### Assignment
Return verbatim the run of lines that opens with the line holding "this 1280×1286 image." and closes with the last line of the records.
------------
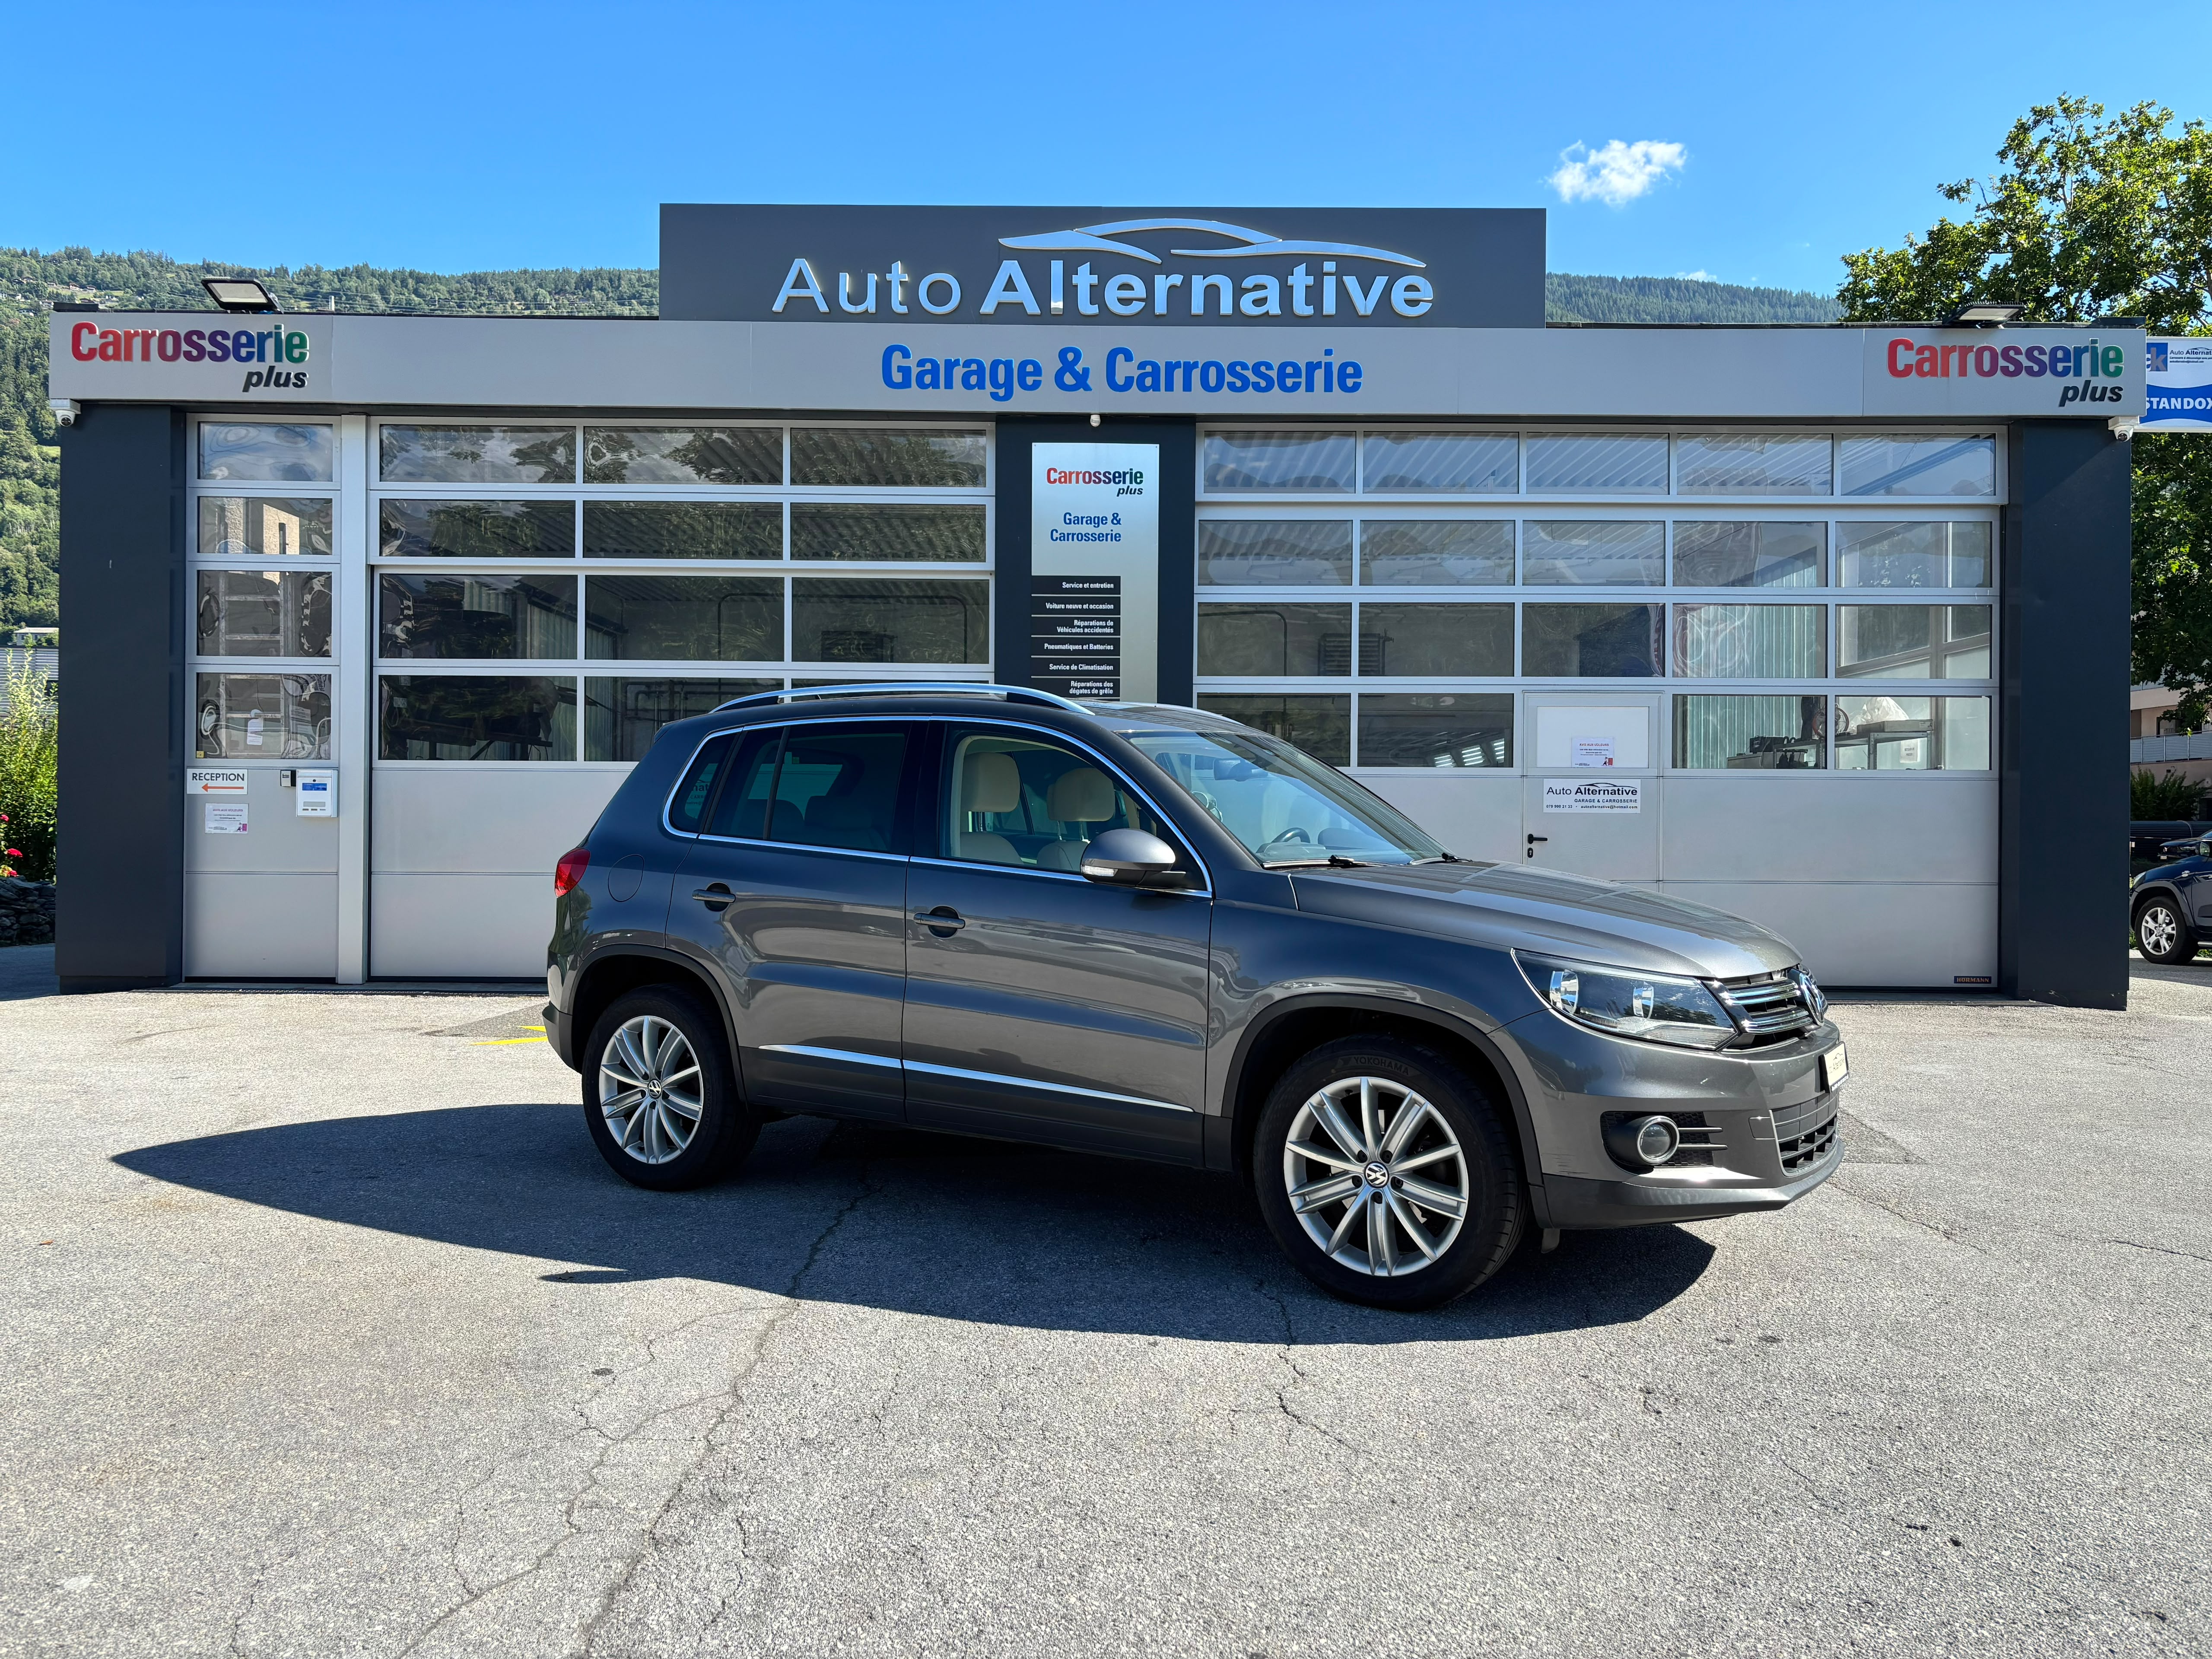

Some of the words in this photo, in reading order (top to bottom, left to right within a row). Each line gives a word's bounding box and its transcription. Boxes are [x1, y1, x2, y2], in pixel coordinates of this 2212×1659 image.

[772, 258, 961, 315] Auto
[980, 259, 1434, 316] Alternative
[71, 321, 309, 363] Carrosserie
[1887, 337, 2124, 378] Carrosserie
[242, 365, 309, 393] plus
[881, 344, 1042, 401] Garage
[1054, 345, 1093, 392] &
[1106, 347, 1363, 394] Carrosserie
[2058, 380, 2124, 407] plus
[1046, 467, 1144, 485] Carrosserie
[1116, 486, 1143, 497] plus
[1063, 512, 1108, 528] Garage
[1111, 512, 1122, 525] &
[1050, 529, 1122, 542] Carrosserie
[192, 773, 245, 781] RECEPTION
[1547, 787, 1572, 795] Auto
[1354, 1056, 1409, 1075] YOKOHAMA
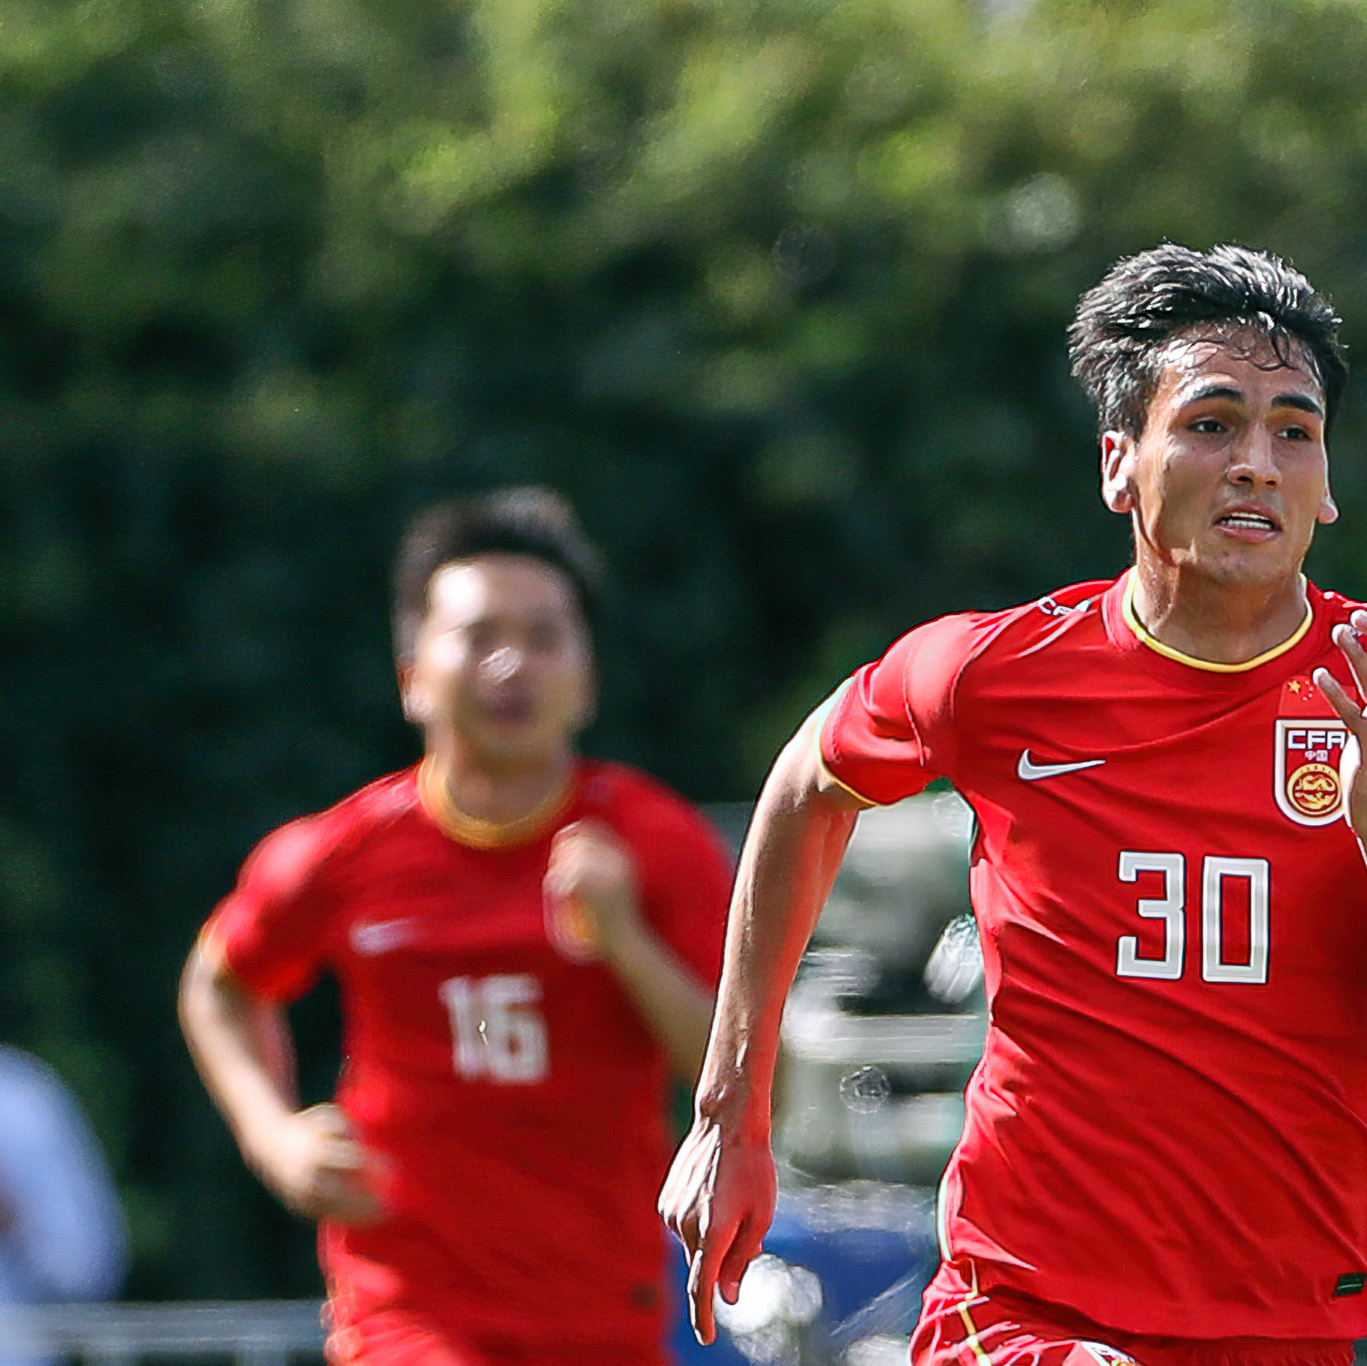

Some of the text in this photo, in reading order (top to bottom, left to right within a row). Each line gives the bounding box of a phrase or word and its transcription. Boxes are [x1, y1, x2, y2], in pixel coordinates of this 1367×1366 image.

[1287, 730, 1346, 750] CFA
[1115, 850, 1271, 985] 30
[437, 972, 552, 1084] 16
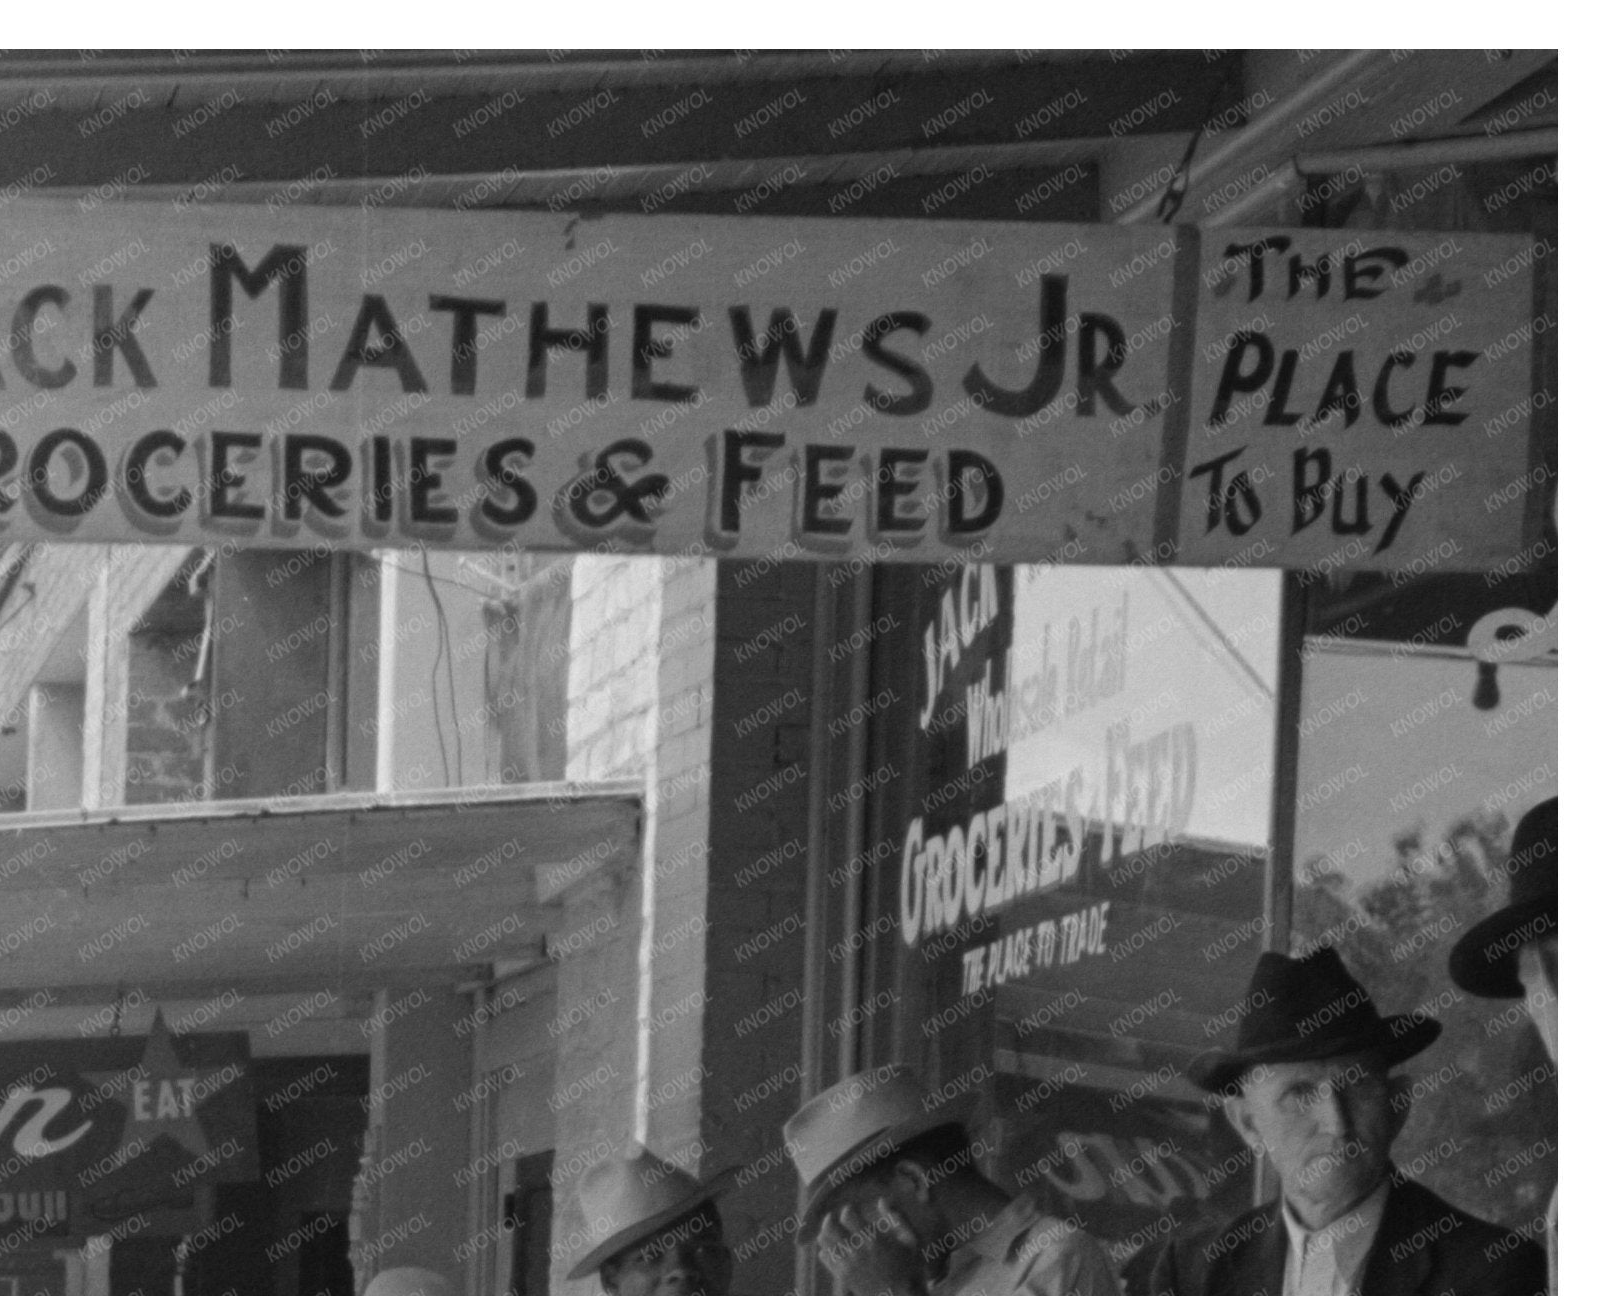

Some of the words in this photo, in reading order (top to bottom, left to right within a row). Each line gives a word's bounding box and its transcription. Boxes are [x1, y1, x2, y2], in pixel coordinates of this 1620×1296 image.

[1223, 235, 1409, 302] THE
[208, 242, 935, 416] MATHEWS
[1209, 330, 1481, 430] PLACE
[565, 438, 670, 530] &
[721, 429, 1006, 536] FEED
[133, 1078, 196, 1122] EAT
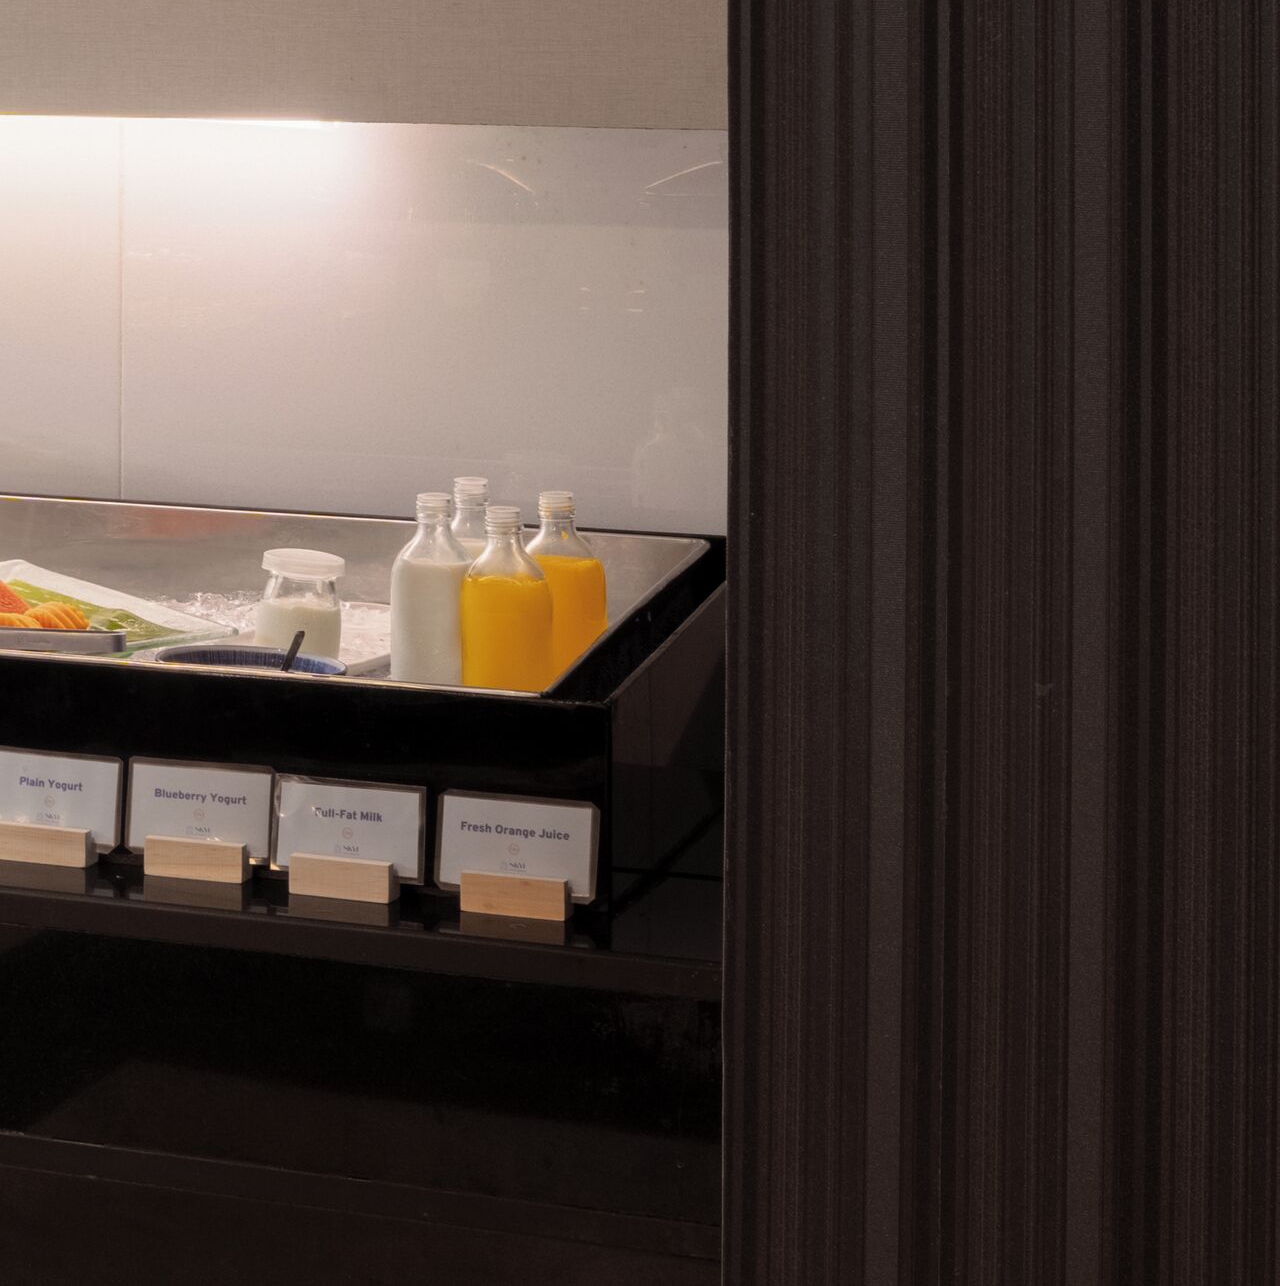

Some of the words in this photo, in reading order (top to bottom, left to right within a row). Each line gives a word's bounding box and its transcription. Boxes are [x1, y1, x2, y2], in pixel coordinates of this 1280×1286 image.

[19, 776, 45, 787] Plain
[48, 779, 83, 792] Yogurt
[154, 788, 207, 804] Blueberry
[209, 792, 247, 805] Yogurt
[314, 807, 357, 820] Full-Fat
[360, 811, 383, 823] Milk
[460, 821, 492, 833] Fresh
[495, 824, 536, 839] Orange
[538, 828, 571, 841] Juice
------------
### Solved exercise
Some of the words in this photo, in reading order (top to bottom, left to right within a row). Each line gives a word's bounding box and its transcription. Boxes are [x1, y1, x2, y2], in pixel coordinates of this 1280×1286 image.

[19, 776, 45, 787] Plain
[48, 779, 83, 792] Yogurt
[154, 788, 207, 804] Blueberry
[209, 792, 247, 805] Yogurt
[314, 807, 357, 820] Full-Fat
[360, 811, 383, 823] Milk
[460, 821, 492, 833] Fresh
[495, 824, 536, 839] Orange
[538, 828, 571, 841] Juice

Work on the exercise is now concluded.